Multimodal AI for Medical Image Classification: a Comprehensive Analysis of Image and Text Contributions

Title:Multimodal AI for Medical Image Classification: a Comprehensive Analysis of Image and Text Contributions

Authors:Semanto Mondal, Antonino Ferraro, Martina Iammarino, Fabiano Pecorelli and Giuseppe De Pietro

Conference:IEEE CBMS 2026

Tags:BERT, Feature Fusion, Medical Image Classification, Multimodal Learning and ResNet50

Abstract:

Multimodal learning has shown promising directions in medical image analysis by integrating visual and textual information. In this study, we present a systematic analysis of the contributions of image and text modalities for medical image classification using the MedPix 2.0 dataset. We construct a multimodal dataset pairing 2050 clinical images with corresponding textual descriptions and formulate a supervised classification task based on image location categories.
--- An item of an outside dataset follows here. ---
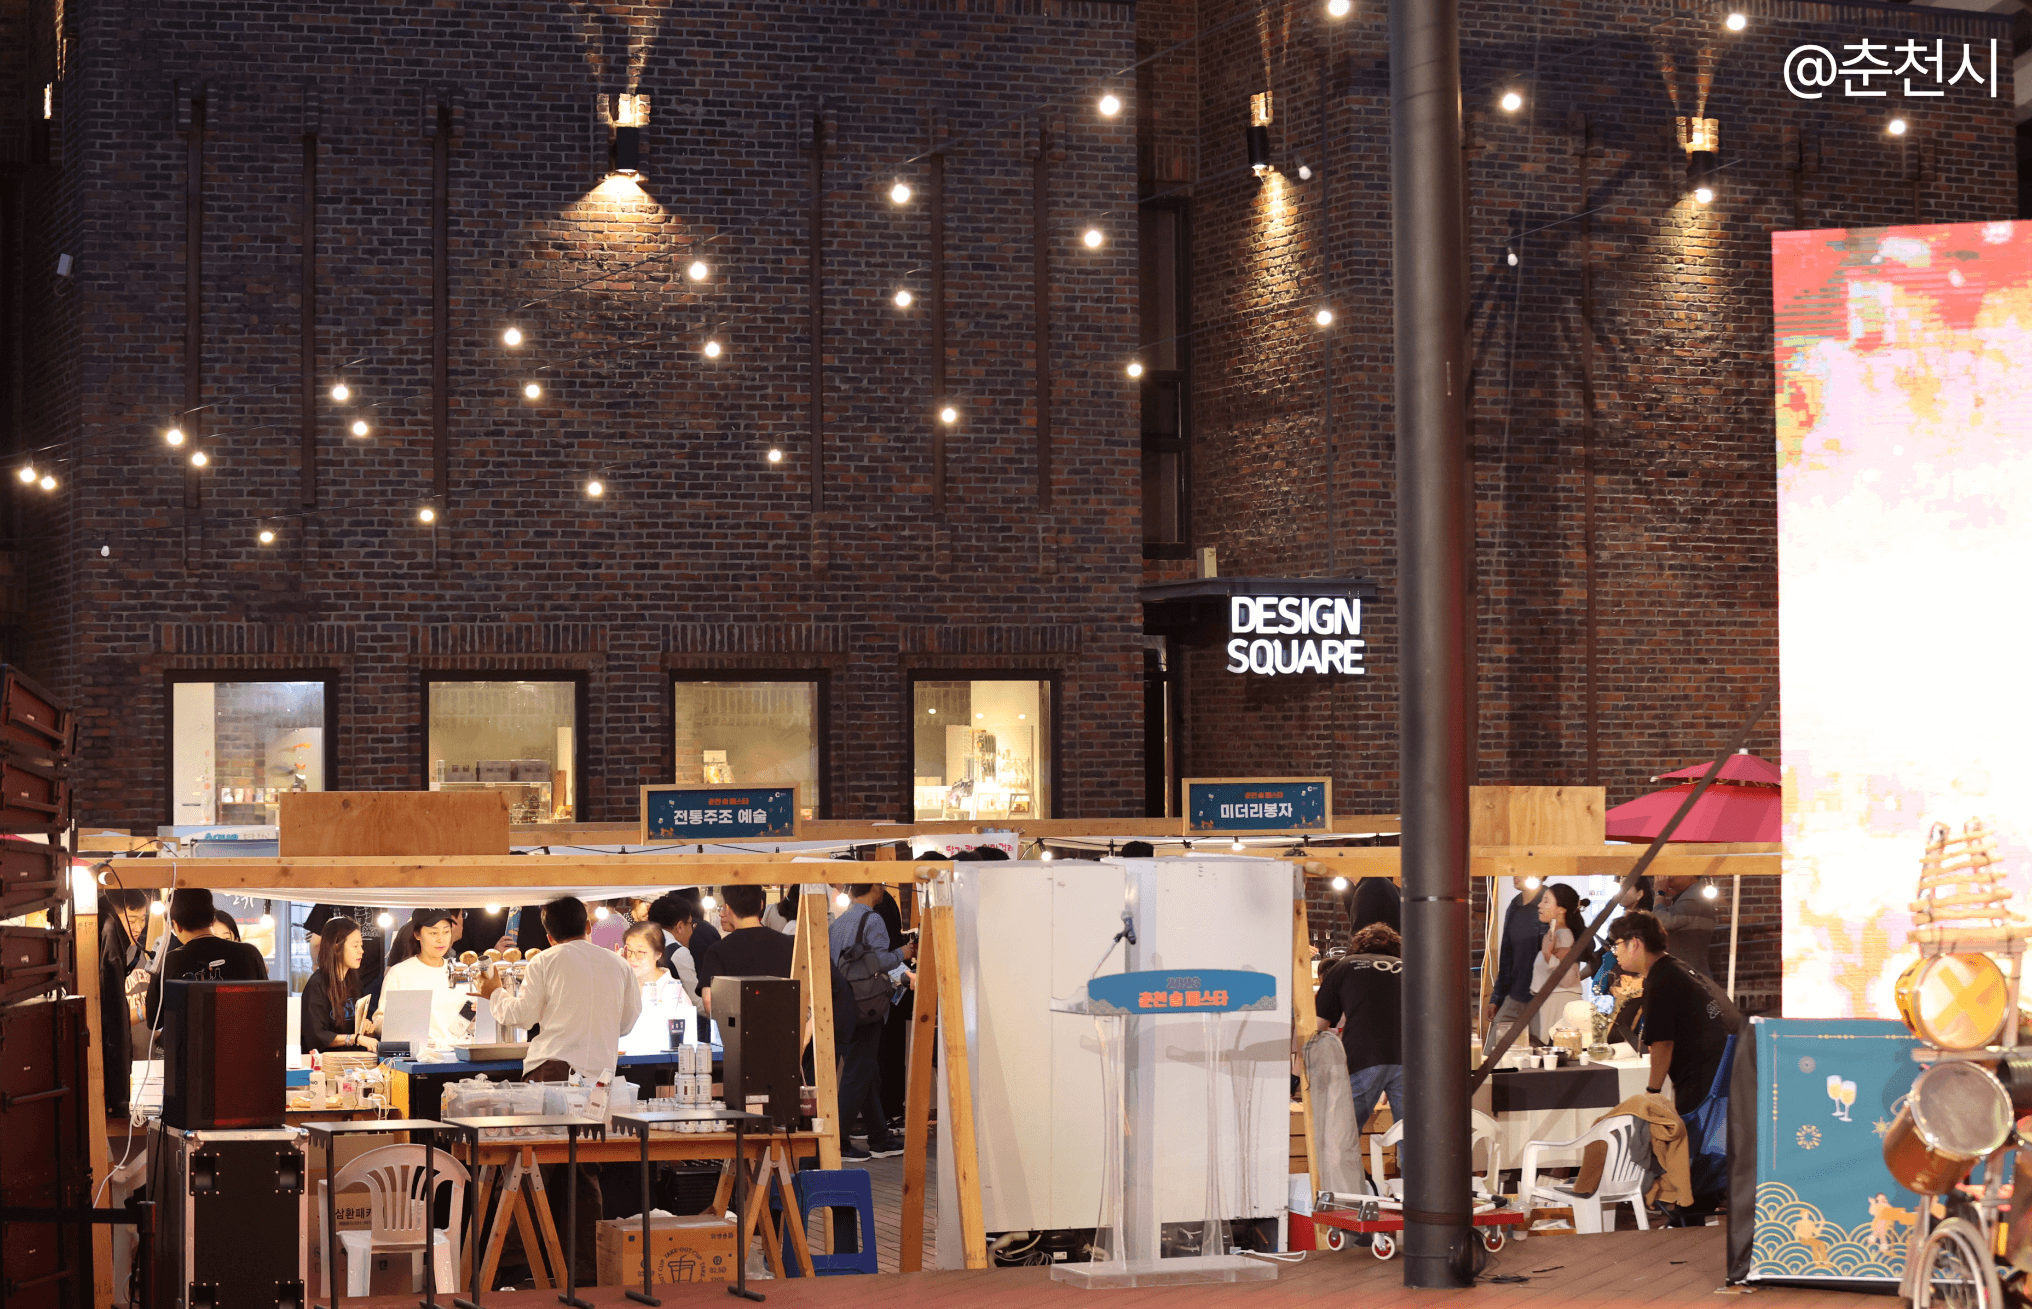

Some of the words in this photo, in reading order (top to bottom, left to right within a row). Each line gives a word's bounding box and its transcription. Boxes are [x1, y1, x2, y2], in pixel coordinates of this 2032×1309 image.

A deep learning framework is proposed that combines ResNet50 for image feature extraction with BERT for textual embeddings, followed by feature-level fusion using concatenation. Comparative experiments are conducted with image-only, text-only, and multimodal models. Results demonstrate that multimodal integration improves classification performance, achieving an accuracy of 0.9220 and F1-score of 0.9213, while text alone provides limited discriminative power. This study highlights the complementary role of textual information and provides insights into effective multimodal fusion strategies for medical imaging applications.